Re: Incompleteness of reference resolution algorithm in RFC 3986

> On Aug 24, 2022, at 7:31 AM, Shang Ye <yesh25@mail2.sysu.edu.cn> wrote:
> 
> Hi all,
> 
> It has been noted that according to Section 5 of RFC 3986, resolving the
> relative reference `.///bar` against the absolute URI `foo:bar` (or `.//bar`
> against `foo:/bar`) results in a URI `foo://bar`, in which the resolved path
> component starts with `//` (not allowed as per RFC 3986) and effectively
> becomes an authority component. This behavior has caused issues in several
> implementations of RFC 3986 [1].

Those all seem to be speculative issues from the same reporter.

https://datatracker.ietf.org/doc/html/rfc3986/#section-1.2.3

   A relative reference (Section 4.2) refers to a resource by describing
   the difference within a hierarchical name space between the reference
   context and the target URI.  The reference resolution algorithm,
   presented in Section 5, defines how such a reference is transformed
   to the target URI.  As relative references can only be used within
   the context of a hierarchical URI, designers of new URI schemes
   should use a syntax consistent with the generic syntax's hierarchical
   components unless there are compelling reasons to forbid relative
   referencing within that scheme.

A base URI of `foo:bar` does not use a hierarchical syntax and thus
cannot be used for relative references other than same-document fragments.

This does not prevent a parser from taking that base URI and any
reference string, turning the crank on the input, and generating a
syntactically valid URI string as a result. It only means that a
preconception about what such a result is supposed to contain
is not supported by the algorithms. IOW, a result that looks like
an authority component is just as valid as any other result.

> Prior to this report, the WHATWG URL Standard has been revised to fix a
> similar issue, by prepending `/.` to the path when necessary [2]. There was
> a recent attempt to fit the WHATWG solution into an RFC 3986 implementation,
> but without much success due to limited applicability [3].

It appears to be a limited patch to change one meaningless
result into a different meaningless result when the relative
resolution algorithm is being used with a base URI that
doesn't have a hierarchical syntax. That seems to be a
reasonable workaround to support their specific test harness,
but it's far outside the scope of the existing standard.

Relative resolution is not supposed to be "idempotent".
My guess is that they expect the resolved components to
round-trip into the same components when the output
reference is parsed again, which should be the case for
all valid uses of relative references.

It would also be fine to accept the output as defined
by the RFC, resulting in a URI that may or may not fit within
the syntax of that scheme. It is not the resolution parser's
job to enforce scheme-specific syntax. In this case, it looks
rather arbitrary that making the resulting path absolute
ought to be preferred to letting the new string contain
what looks like an authority component.

It would also be fine for a future RFC to change the algorithm
such that the base path is checked for an expected hierarchical
syntax before attempting to merge paths, and then enumerate all
of the potential ways that error can be handled, but I don't
think we could require one over the others. Any choice we make
here would result in most parsers being non-conformant,
just to support an invalid and irrelevant use case.
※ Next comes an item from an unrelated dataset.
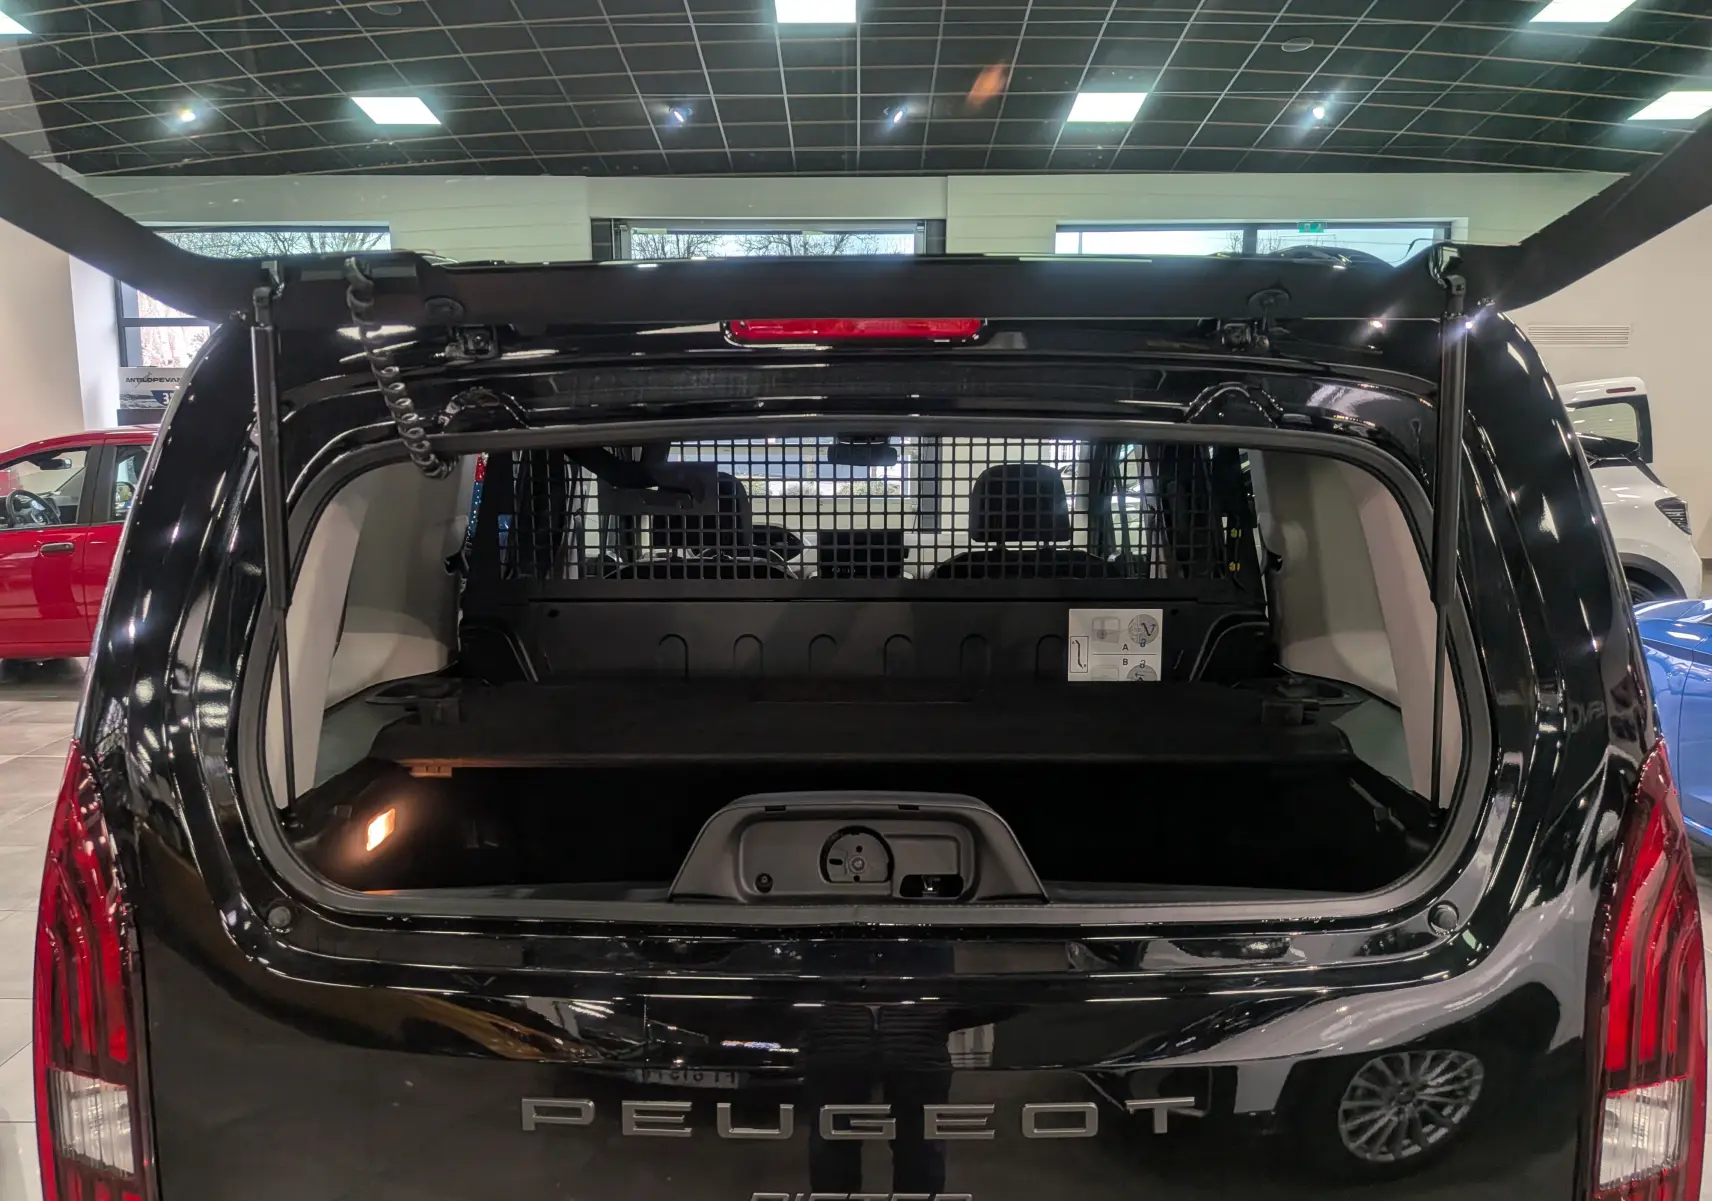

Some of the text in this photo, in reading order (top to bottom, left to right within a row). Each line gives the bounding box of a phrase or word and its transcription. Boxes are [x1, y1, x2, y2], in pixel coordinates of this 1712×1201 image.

[1122, 643, 1129, 651] A
[1122, 658, 1129, 666] B
[521, 1096, 1195, 1140] PEUGEOT
> Another potential issue I found is that resolving `../bar` against `foo:bar/`
> gives `foo:/bar`, in which a root emerges out of nowhere. Not sure if this is
> a real problem, but IMHO it may be more correct for the `remove_dot_segments`
> algorithm to preserve the relativity of paths, i.e., not to output an absolute
> path when the input is relative.

If relativity of paths is desirable, then the base URI path
has to be hierarchical according to the RFC. If it isn't,
then any assumption about which should be preferred is
equally wrong.

> I'm not much of an expert in URIs, but I wonder if it is worth an errata
> report or an update to the RFC. Any thoughts on this?
> 
> [1] = https://github.com/lo48576/iri-string/issues/8
>    ; https://github.com/sgodwincs/uriparse-rs/issues/20
>    ; https://github.com/python-hyper/rfc3986/issues/85
> [2] = https://github.com/whatwg/url/pull/505
> [3] = https://github.com/lo48576/iri-string/issues/29
> 
> Regards,
> Shang

Well, it isn't an errata. This was an intentional result of the
standards process, specifically because a group of people did
not want relative processing to be defined for schemes that chose
not to use the hierarchical syntax reserved by "/".

Whether that's a good idea or not is a different issue.

The current RFC correctly defines the result of relative
resolution to be a string, not the set of components that
happen to be in the target before the string is output.
Hence, the RFC's output is as intended and there is no
expectation that the result can be re-parsed into the
same components.

However, we could make a choice (the next time around)
that all of the path processing is distinct from the other
components, in which case we would need to specifically
handle the case of a non-hierarchical base URI (or at least
one that doesn't have an absolute or empty [abempty]
path component) just to keep things from getting weird.
Such choices are likely to result in unexpected consequences.

Cheers,

....Roy

Received on Thursday, 25 August 2022 17:45:35 UTC